Grâce au feu vert du gouvernement, les équipes de Marineland et de Loro Parque "sont actuellement en train de travailler pour définir les dernières modalités internes", a indiqué Pascal Ferracci, PDG de Marineland. "C'est une question de semaines".
Selon la direction, le transfert des orques, qui devrait coûter plusieurs centaines de milliers d'euros à répartir entre les deux parcs, se fera par avion cargo et devra avoir lieu avant fin juin, sous peine de devoir reporter à cause de la chaleur pendant l'été.
Même si leurs bassins sont moins menacés, les douze dauphins devraient suivre, eux aussi dans des parcs espagnols.

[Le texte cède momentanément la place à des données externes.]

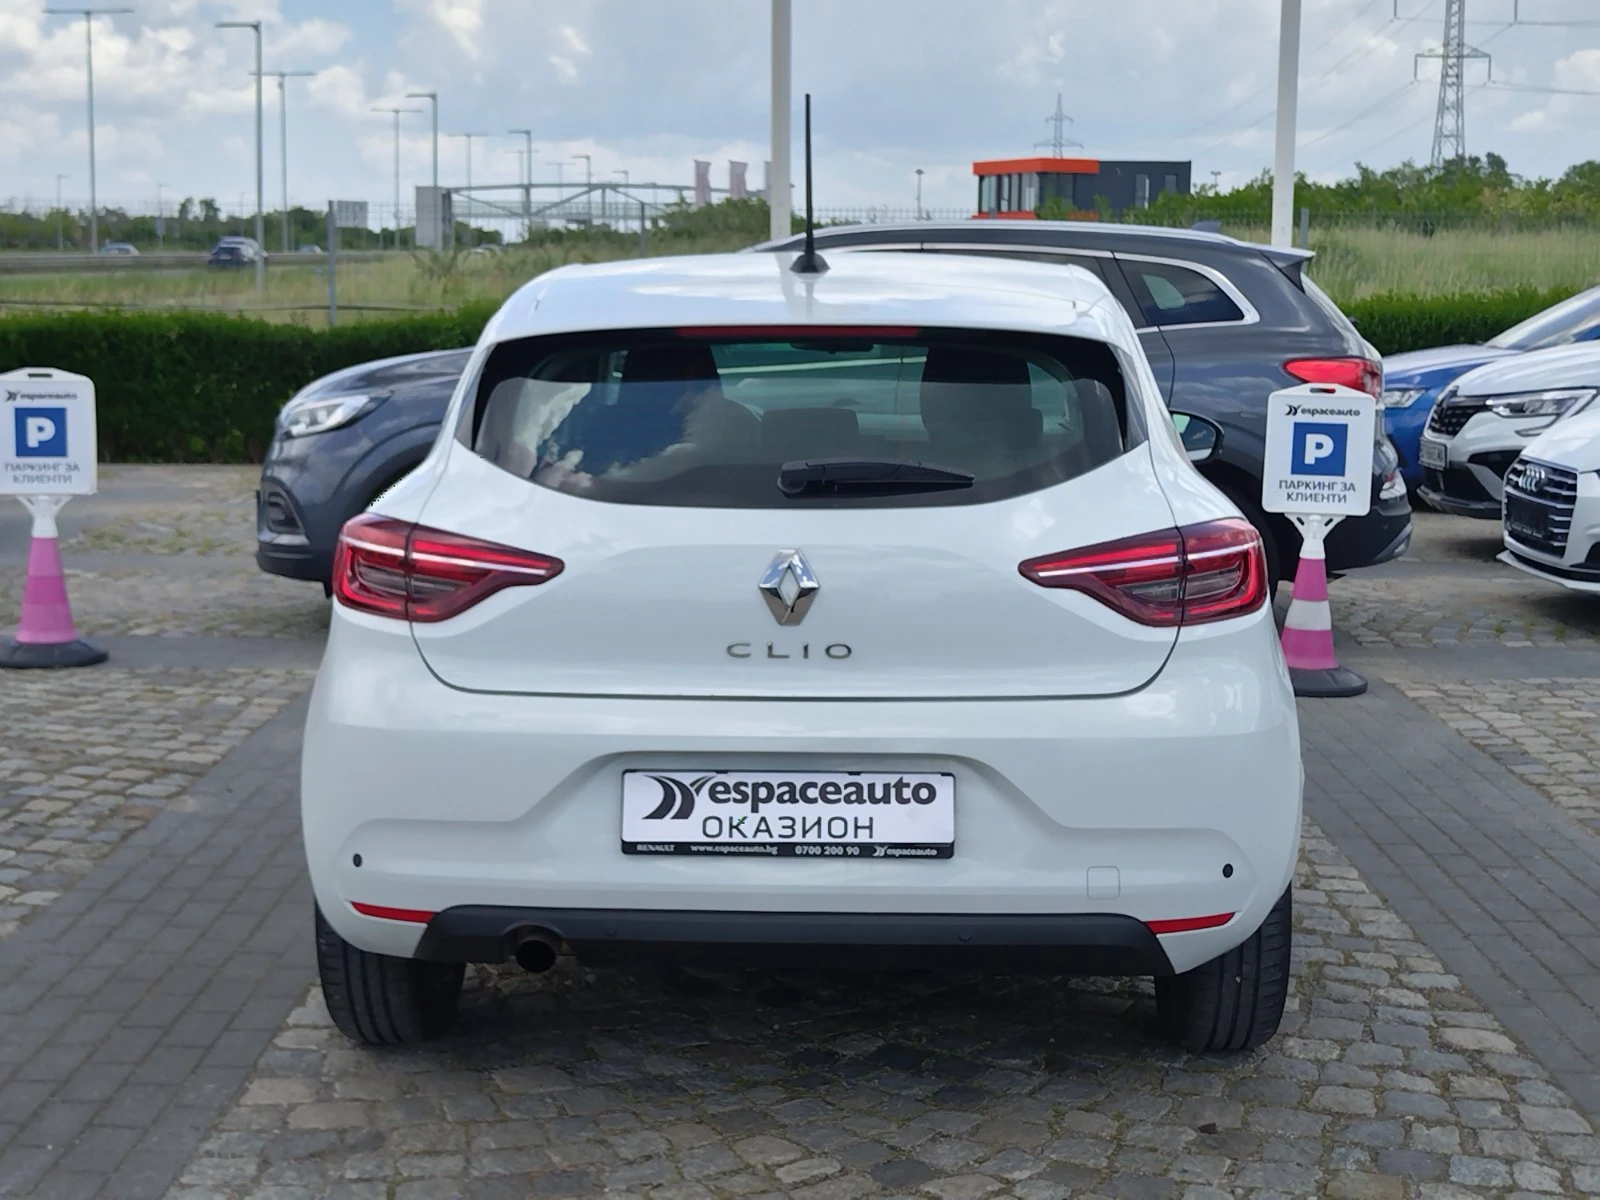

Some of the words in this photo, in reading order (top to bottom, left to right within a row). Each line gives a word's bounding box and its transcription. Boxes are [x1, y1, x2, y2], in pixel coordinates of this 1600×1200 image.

[1301, 406, 1361, 417] espaceauto
[27, 416, 55, 448] P
[1304, 433, 1334, 465] P
[65, 463, 80, 472] ЗА
[1279, 480, 1338, 491] ПАРКИНГ
[1340, 482, 1356, 492] ЗА
[1286, 493, 1347, 503] КЛИЕНТИ
[726, 642, 852, 659] CLIO
[708, 776, 937, 813] espaceauto
[702, 815, 874, 839] ОКАЗИОН
[795, 845, 821, 855] 0700
[824, 846, 843, 856] 200
[846, 846, 860, 856] 90

Quatre d'entre eux partiront définitivement à Valence, tandis que les huit autres pourront être accueillis à Malaga avant de revenir en France, au Zoopark de Beauval (centre-ouest) où une structure d'accueil spéciale, décriée par nombre d'ONG comme un delphinarium de plus, est annoncée pour 2027.
Dans un communiqué, l'association One Voice a dénoncé "une trahison de la loi française de 2021 et un renoncement moral inacceptable".
"Il n'existe aucune urgence autre que celle du groupe Parques Reunidos, propriétaire du Marineland qui veut récupérer les terrains pour d'autres projets commerciaux", a fustigé l'ONG Sea Shepherd.
La semaine dernière, l'association C'est Assez avait promis d'engager tous les recours possibles devant les tribunaux pour empêcher le transfert.
D'autres ONG comme TideBreakers, plaident aussi pour des sanctuaires mais estiment qu'il est trop tard pour Wikie et Keijo, en relevant que les cas se multiplient dans le monde avec le renforcement des lois et la fermeture des parcs aquatiques.
"On ne peut pas crier: +Videz les bassins+ quand (les cétacés captifs) n'ont nulle part où aller", a rappelé l'ONG, en appelant à faire pression sur les autorités espagnoles pour que les deux orques ne soient pas exploitées.